La expresión de BCL-2 se observa con una frecuencia relativamente similar en las muestras de EPD y HE, y probablemente esté bajo el control de la hormona estrógeno como el principal factor que interviene en la patogénesis de estas lesiones.

Palabras clave:

Endometrio proliferativo desordenado

Hiperplasia endometrial simple

BCL-2

Apoptosis

Texto completo

Introduction

Among proliferative conditions of the endometrium, there is a morphological sequence that includes disordered proliferative endometrium (DPE), simple and complex endometrial hyperplasia (EH) with and without atypia, differentiated adenocarcinoma, and poorly differentiated adenocarcinoma.1 DPE is a benign disease characterized by structural changes caused by continuous stimulation by oestrogen. One of the characteristics of this disorder is the presence of enlarged glands with an irregular or cystic shape and a relatively normal ratio of the gland to the stroma.2 In EH, estrogenic stimulation of the endometrium causes proliferative changes in the glandular epithelium, including their regeneration and formation of glands with a different shape and irregular distribution. Based on the classification of the World Health Organization (WHO) in 1994, EH is divided into four groups: simple and complex EH without atypia and atypical based on the structural complexity of the glands and nuclear atypia.3

Proteins expressed by genes such as proliferating antigens, cytokeratins, and interleukins are used as biomarkers to investigate the pathogenic mechanisms of various malignancies.4–6 The B-cell lymphoma-2 (BCL-2) gene is the first gene known to inhibit apoptosis in many cell systems.7 Since the BCL-2 gene can increase the proliferative activity of glandular endometrium,8 it may gradually lead to EH and possibly neoplasia.
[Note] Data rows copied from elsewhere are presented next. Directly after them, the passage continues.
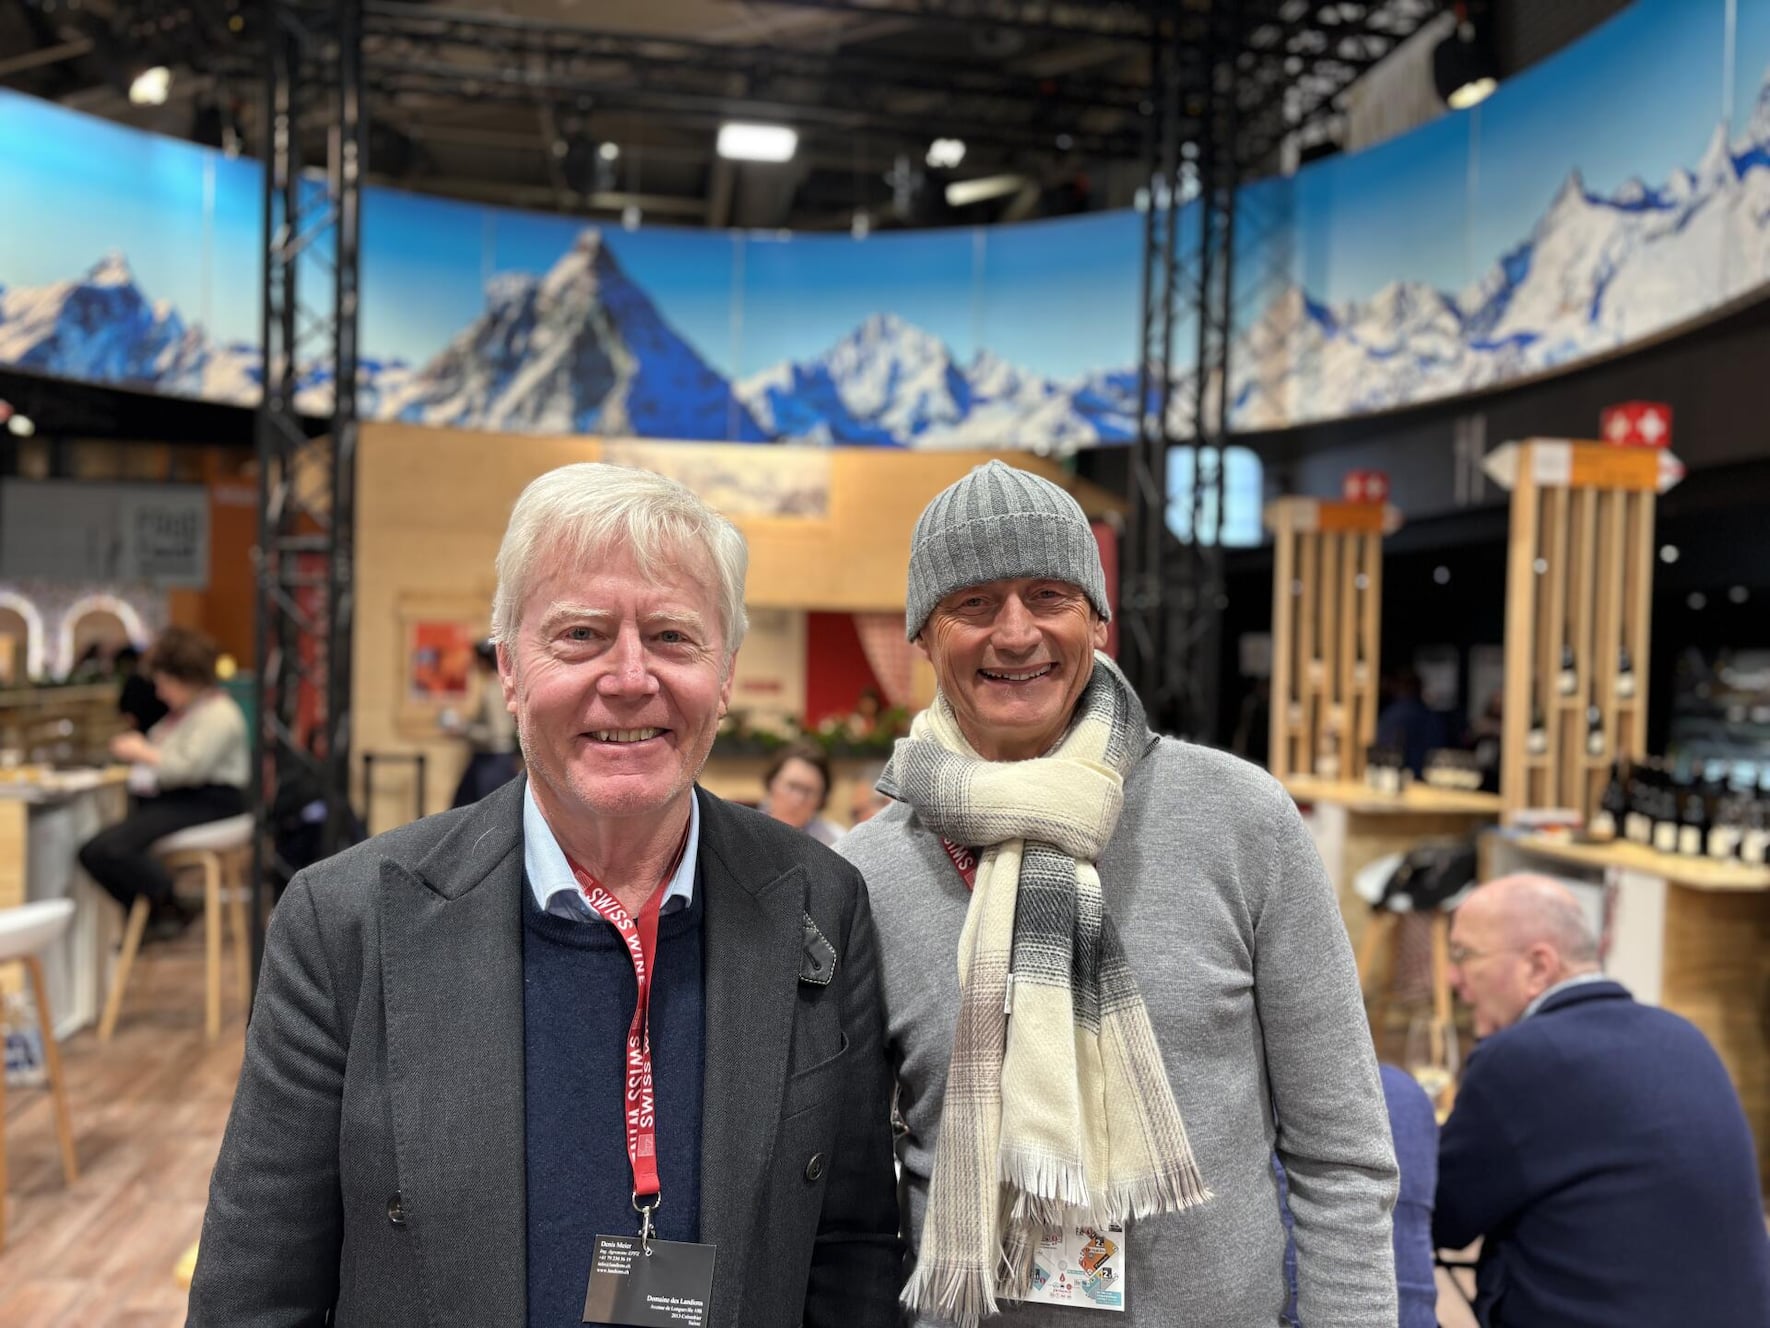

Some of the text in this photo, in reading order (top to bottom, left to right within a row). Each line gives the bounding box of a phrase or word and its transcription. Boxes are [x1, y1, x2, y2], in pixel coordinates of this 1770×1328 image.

[586, 887, 634, 931] SWISS
[627, 1035, 643, 1102] SWISS
[639, 1060, 654, 1129] SWISS
[647, 1295, 670, 1303] Domaine
[680, 1298, 703, 1306] Landions
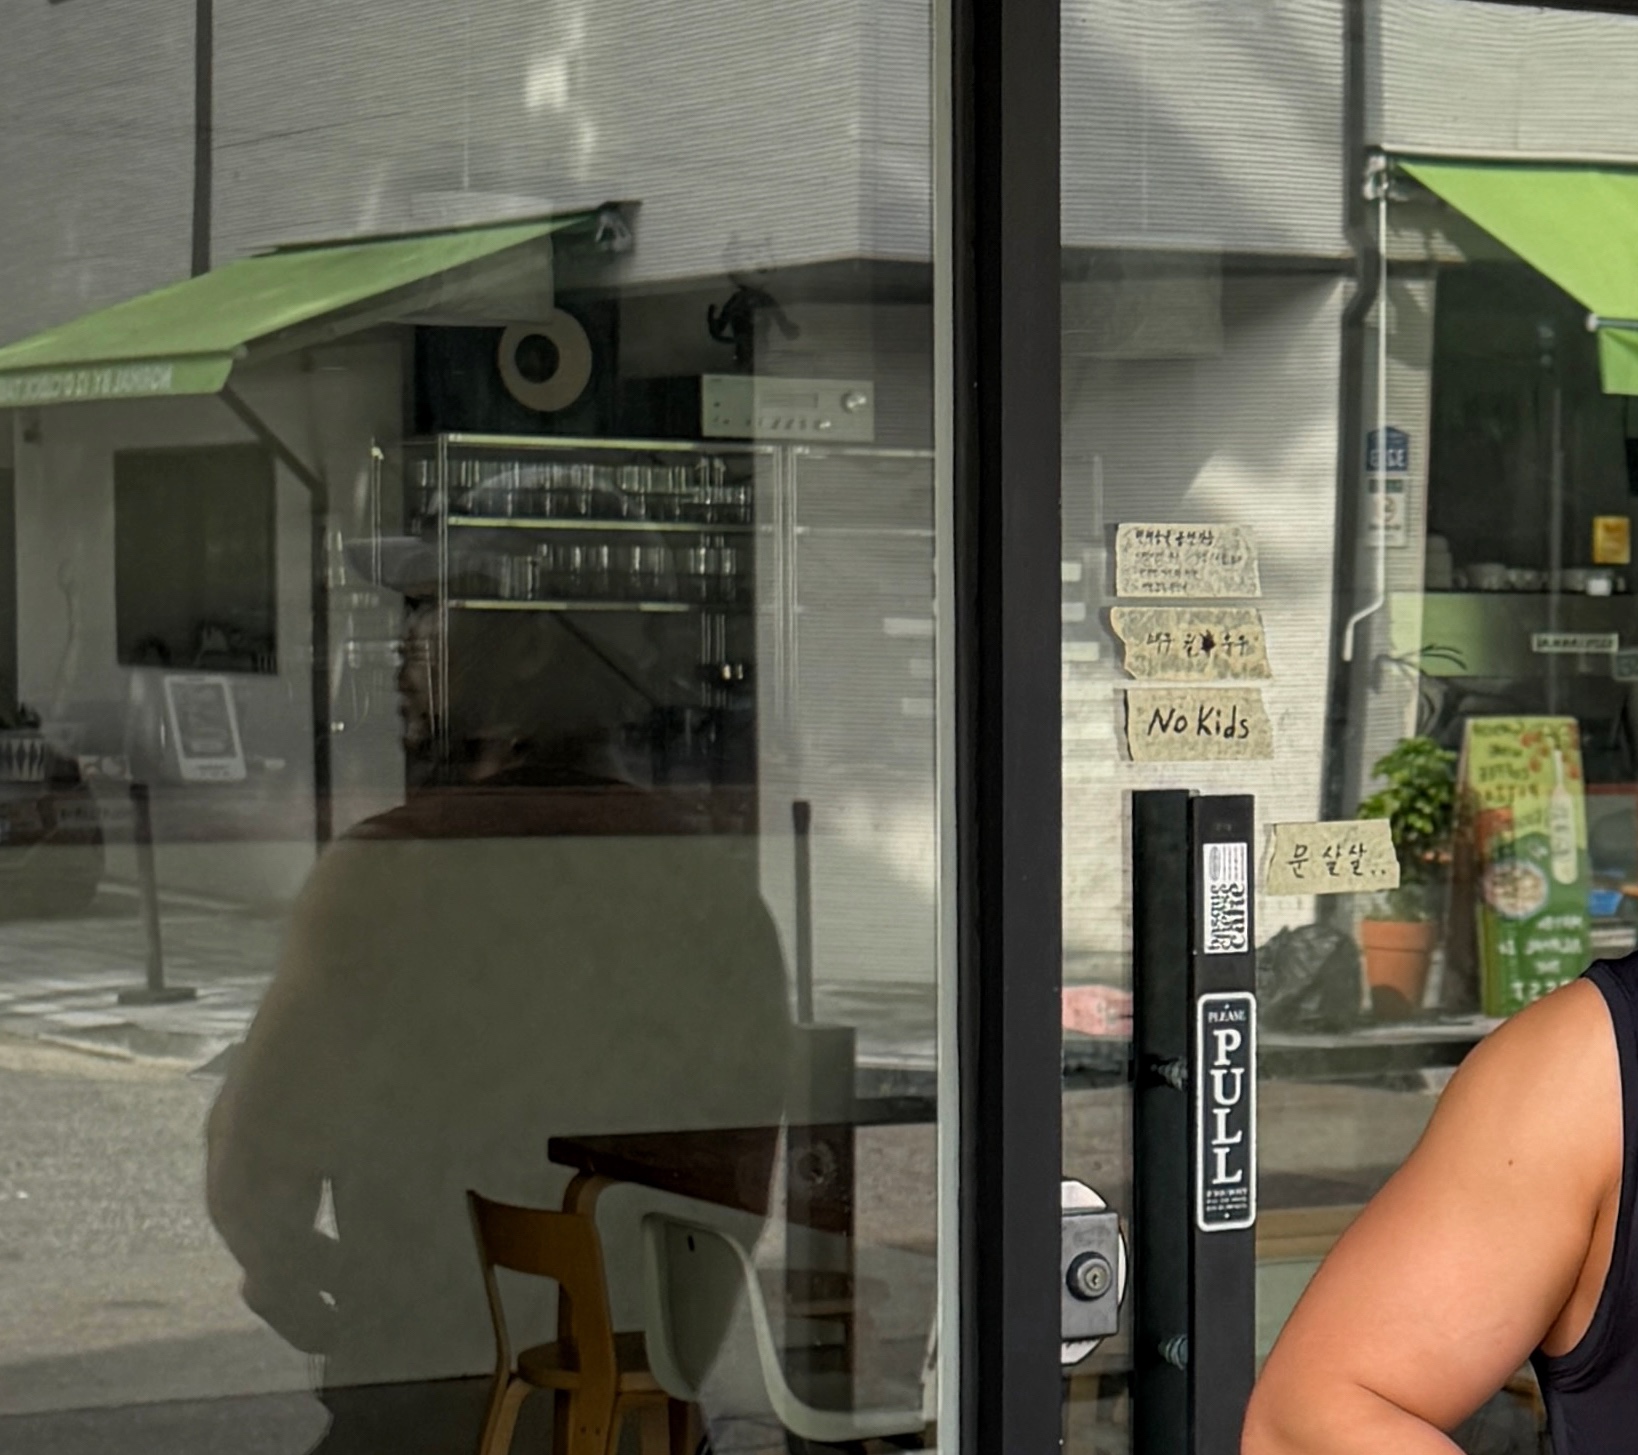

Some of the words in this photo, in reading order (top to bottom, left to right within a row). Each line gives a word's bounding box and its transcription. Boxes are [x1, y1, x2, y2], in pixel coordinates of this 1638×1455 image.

[1147, 707, 1188, 736] No
[1196, 704, 1249, 739] Kids
[1285, 843, 1309, 878] 문
[1208, 1009, 1246, 1023] PLEASE
[1209, 1029, 1245, 1185] PULL
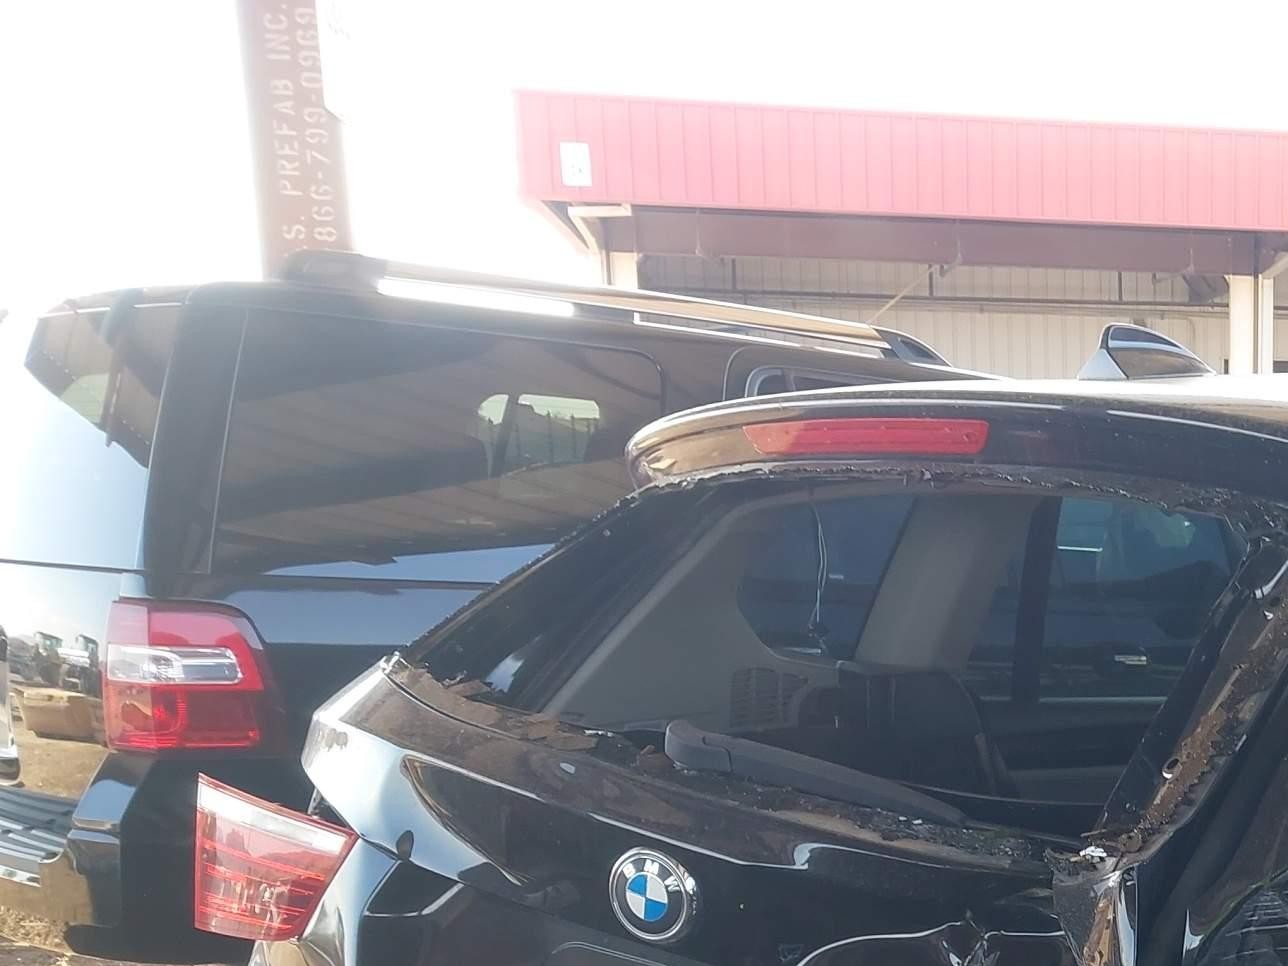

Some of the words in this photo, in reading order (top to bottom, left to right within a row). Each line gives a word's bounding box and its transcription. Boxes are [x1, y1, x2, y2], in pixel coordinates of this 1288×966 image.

[263, 3, 291, 60] INC.
[270, 79, 303, 196] PREFAB
[281, 216, 306, 257] .S.
[622, 858, 681, 893] BMW
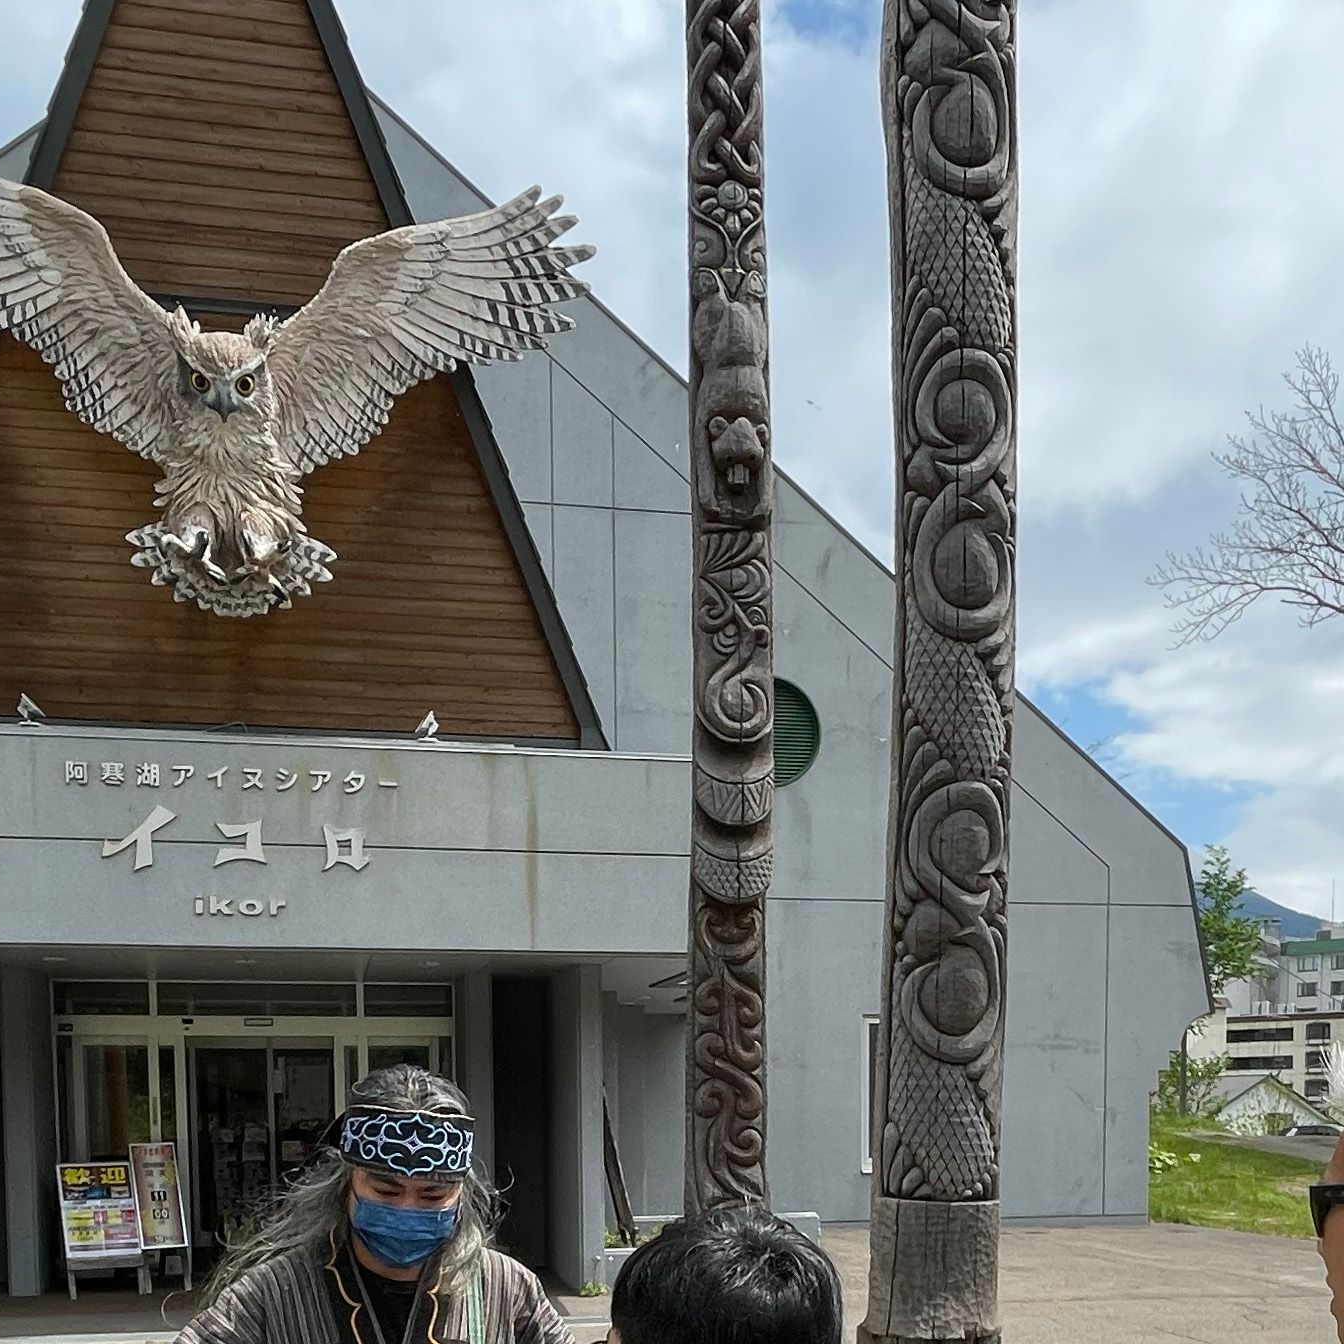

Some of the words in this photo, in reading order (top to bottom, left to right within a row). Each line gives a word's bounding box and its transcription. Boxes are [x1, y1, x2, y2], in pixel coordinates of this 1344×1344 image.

Several studies have investigated BCL-2 expression in normal and hyperplastic endometrium and endometrial adenocarcinoma, with conflicting results. Some investigators have shown an increased expression of BCL-2 in endometrial carcinoma, especially in low-grade endometrioid types,9,10 while others have reported a decreased expression of this marker in endometrial carcinomas.11,12 On the other hand, due to the use of targeted anti-BCL-2 treatments in breast and ovarian tumours and leukaemia, investigating the expression of BCL-2 in one of the most common gynaecological disorders, namely EH, as a premalignant lesion for endometrial carcinoma is of increasing importance.13

One of the challenges of pathologists in diagnosing endometrial proliferative lesions is the differentiation between non-neoplastic proliferative endometrium and simple hyperplasia.14 The lack of accepted criteria for diagnosing hyperplasia has created multiple classifications for EH, making the diagnosis challenging.15 In any case, finding molecular biomarkers related to EH can help diagnose and understand the mechanisms that initiate the pathogenesis of this disease. Therefore, the present study aimed to investigate and compare the expression of oncoprotein BCL-2 in simple EH with benign proliferative endometrial disorder to investigate the possible role of BCL-2 in the development of simple EH, which can be a precursor to the development of endometrial carcinoma.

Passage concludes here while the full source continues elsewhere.